0

I've been wanting to implement a mobile app using a complete serverless architecture for some time now and finally started looking into the details. So far, I've discovered that AWS offers most of the services that would be required for such a setup (API Gateway, Cognito, Lambda, DynamoDB, SQS, etc.), but I've yet to solve one (possibly theoretical) issue; event sourcing.

Since (historical) data is becoming more and more valuable these days, it's very important (in my humble opinion) to store historical data about your users. Current event sourcing offerings such as Akka Persistence achieve this goal by only persisting the events to a database and keeping the current state in memory (and saving snapshots to a database, etc.).

My problem with this, is that I don't have the ability to store such a state in memory since my Lambda functions terminate after their single purpose has been fulfilled. What my question boils down to, is there a framework currently out there that would support event sourcing (on Java) that saves the current state in something like ElastiCache (Redis). Since I have a lot of experience with Akka, is this something Persistence can already do? Is it worth chasing event sourcing in combination with a serverless backend (at this time) or is it simply not yet the right time this?

I haven't been able to find much in the Akka Persistence docs as of yet about this (possible non) issue. Please give me suggestions as to what I might have missed in my mission to a serverless universe; I'm still learning, as we all are.

Martijn
  • 2,268
  • 3
  • 25
  • 51
  • What I failed to express was my concern with the quick startup nature of Lambda and that Akka Persistence can't simply build up state before tackling the task at hand. I guess this is starting to sound more like an audit log instead of event sourcing but I don't see that scaling well enough. – Martijn Jun 14 '17 at 20:48

4 Answers4

0

This will be primarily opinion-based, so not the best fit for Stack Overflow, but I'll try to stay as factual as possible.

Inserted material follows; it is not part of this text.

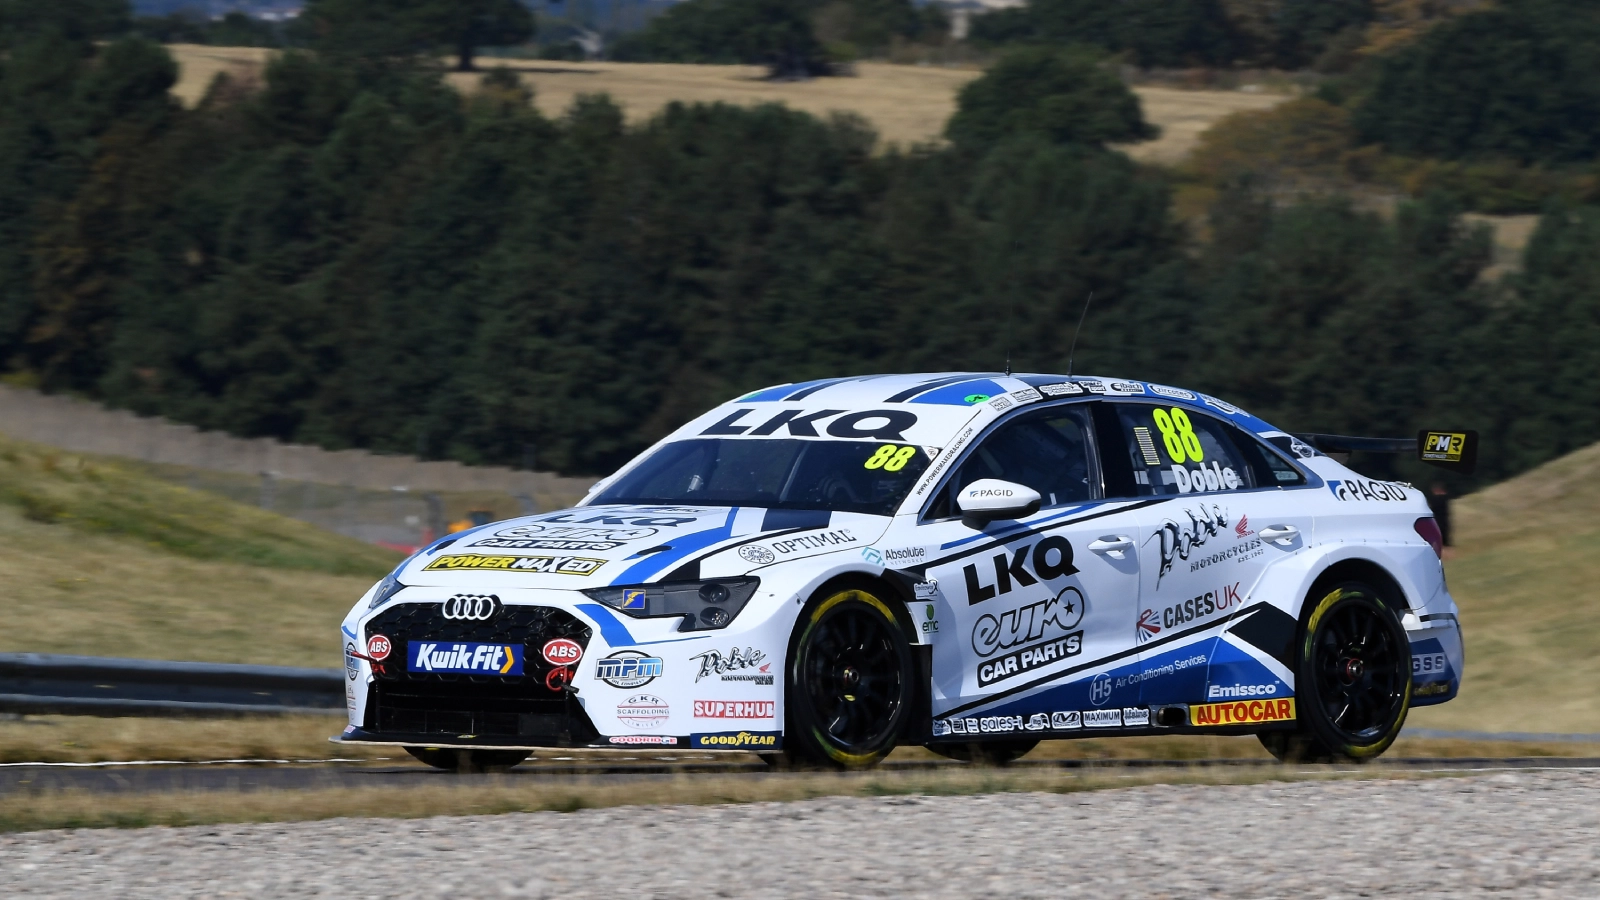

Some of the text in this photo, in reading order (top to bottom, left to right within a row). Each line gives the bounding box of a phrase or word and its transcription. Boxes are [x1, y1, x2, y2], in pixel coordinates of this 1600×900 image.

akka-persistence does not lend itself well to serverless deployment strategy, for the following reason. It relies on the strong assumption that at any one time there is only one PersistentActor for a given id. In a distributed environment enforcing this implies inter-node coordination, typically using akka-cluster-sharding. This doesn't yield itself to being deployed in a serverless environment that is meant to run simple functions.

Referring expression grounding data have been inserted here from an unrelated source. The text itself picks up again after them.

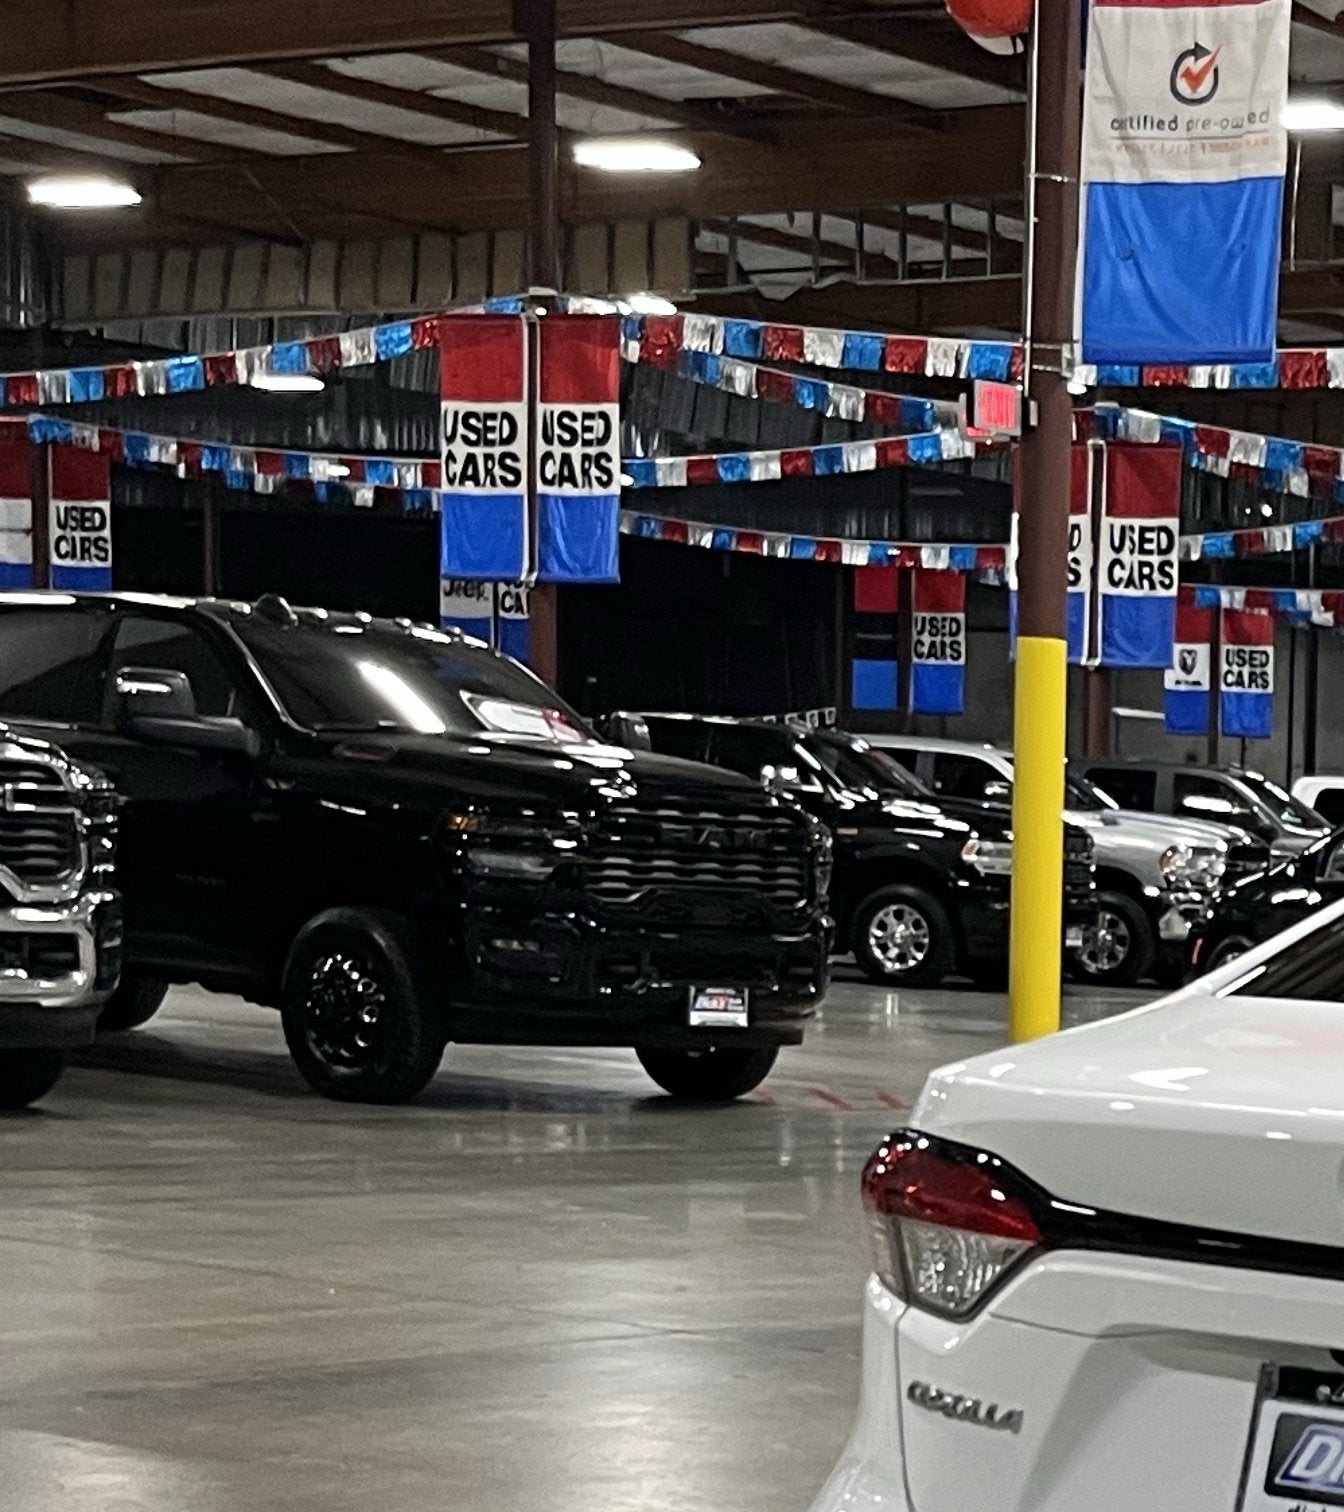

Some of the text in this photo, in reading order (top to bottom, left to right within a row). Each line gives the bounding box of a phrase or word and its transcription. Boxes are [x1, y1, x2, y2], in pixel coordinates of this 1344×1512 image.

[444, 409, 518, 447] USED
[541, 410, 612, 447] USED
[444, 449, 521, 488] CARS
[539, 450, 613, 489] CARS
[56, 505, 107, 532] USED
[1110, 523, 1175, 556] USED
[1108, 558, 1174, 590] CARS
[915, 616, 961, 637] USED
[1225, 649, 1269, 668] USED
[1223, 670, 1270, 689] CARS

In general, event sourcing implies rebuilding state from events stored in the journal (or latest snapshot + the events that followed) and doing that on top of a stateless environment means a lot of inefficiency for every single execution of the function, since there can be no local cache. Adding a distributed cache on top of event sourcing can mitigate that somewhat. However, you're still left with the challenge of coordination to prevent race-conditions between multiple instances of the function. These factors work against the operational simplicity that serverless is meant to provide.

Michal Borowiecki
  • 4,244
  • 1
  • 11
  • 18
0

Yes, you can do event-sourcing in Serverless.

One approach using AWS is to use DynamoDB as your Event Store. You can then use DynamoDB Streams with Lambda triggers to materialize them into your State Store (which can be any other DB).

Noel Llevares
  • 15,018
  • 3
  • 57
  • 81
0

You can do it with DynamoDB Streams, but only an Event Store is not enough. The code that generates the next event should be serialised, i.e. only one code instance at the time is allowed produce an event for a particular aggregate instance. Otherwise the order of the events may not be certain.

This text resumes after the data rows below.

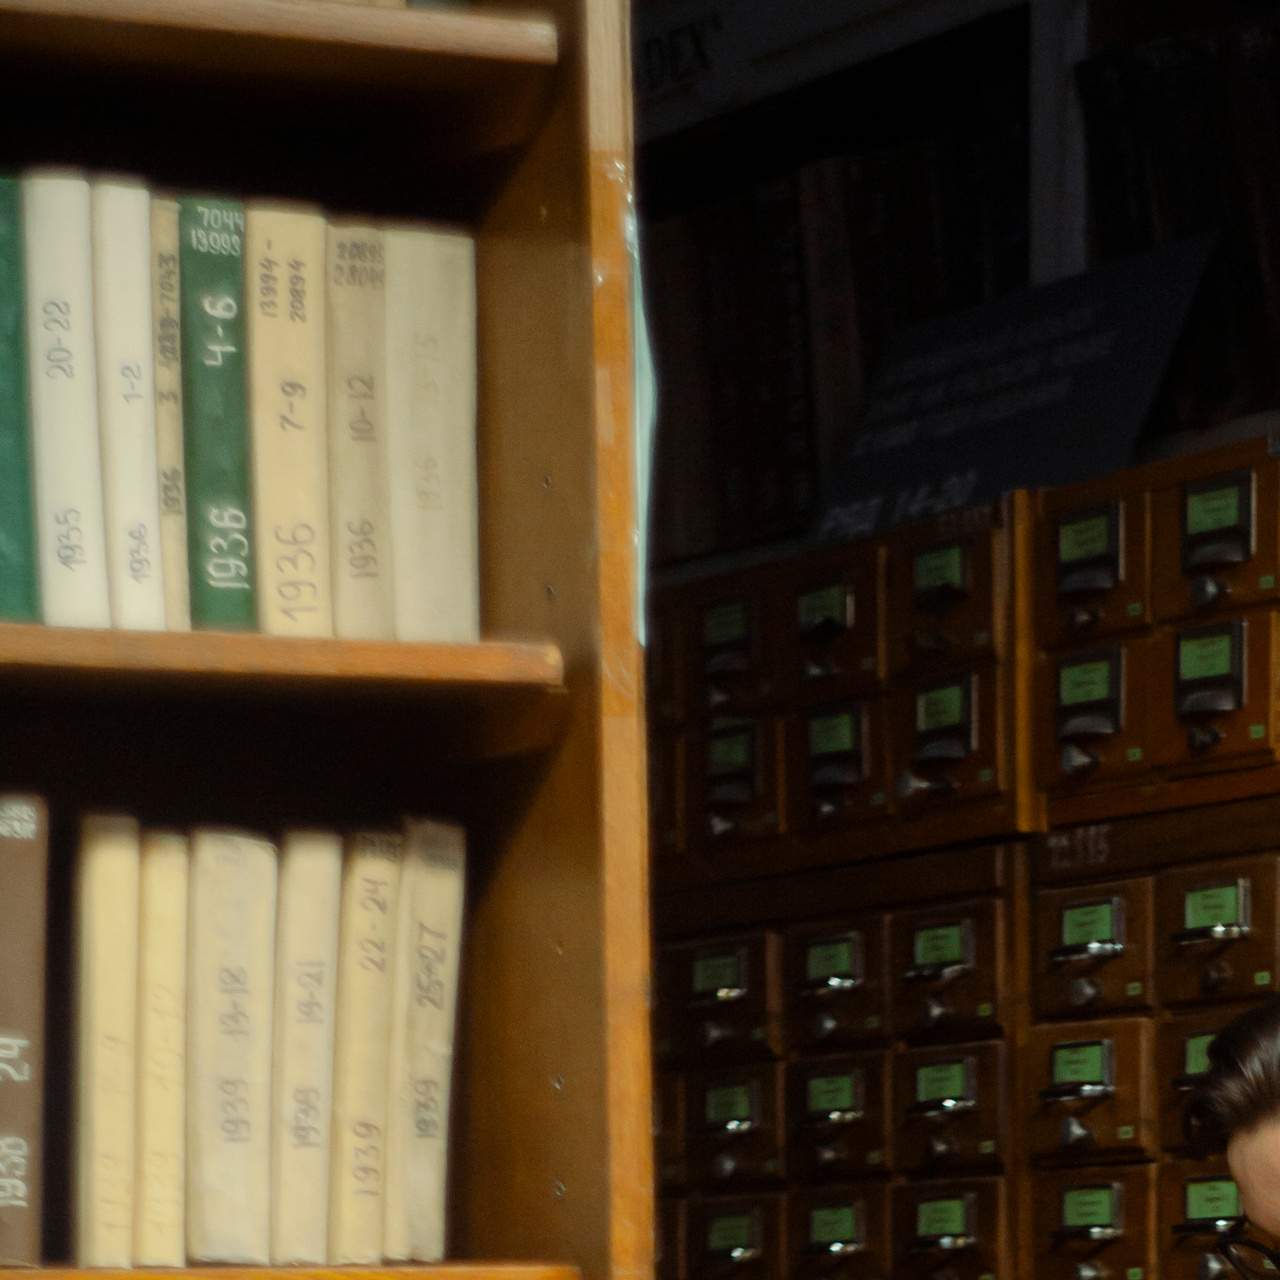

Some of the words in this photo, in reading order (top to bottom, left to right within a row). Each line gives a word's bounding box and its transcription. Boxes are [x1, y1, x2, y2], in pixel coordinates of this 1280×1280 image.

[44, 300, 74, 379] 20-22
[202, 296, 237, 366] 4-6
[121, 363, 142, 405] 1-2
[159, 390, 178, 407] 3
[280, 380, 307, 433] 7-9
[348, 374, 376, 443] 10-12
[56, 507, 82, 571] 1935
[129, 522, 150, 584] 1936
[207, 506, 249, 589] 1936
[273, 522, 319, 622] 1936
[347, 518, 378, 578] 1936
[416, 920, 448, 1011] 25-27
[218, 966, 249, 1037] 13-18
[220, 1078, 251, 1143] 1939
[351, 1121, 381, 1197] 1939

With event sourcing commands are sent to aggregates. When a command has an effect, i.e. modifies the aggregate, an event is generated, added to the log and usually published. Very often producing an event for a command requires the current state of the aggregate. This is why such code should not run in parallel for the same aggregate instance.

A solution is to have a “Command Store”, which is a DynamoDB table that stores the last command for each aggregate instance. Thus, the associated stream consists of updates to that item. The Lambda trigger for this stream reconstructs the state of the aggregate instance using the Event Store and generates the new event. The event is then saved in the Event Store. The stream of the event store takes care of the publication of the event.

In order to speed up the reconstruction of the state of an aggregate, a snapshot table can be used. Every 100 events, for example, the complete aggregate can be updated in it. Reconstruction then consists of fetching the snapshot and then fetching only the events with a sequence number above the one in the snapshot.

Numbering the events and the associated aggregate copies, which may exist in various Read Stores, has the advantage of making idempotence easy. This way replay of events is possible.

0

You can do event-sourcing using akka-persistence in a Lambda, if you're fine with (some configurable) eventual consistency and willing to also apply CQRS.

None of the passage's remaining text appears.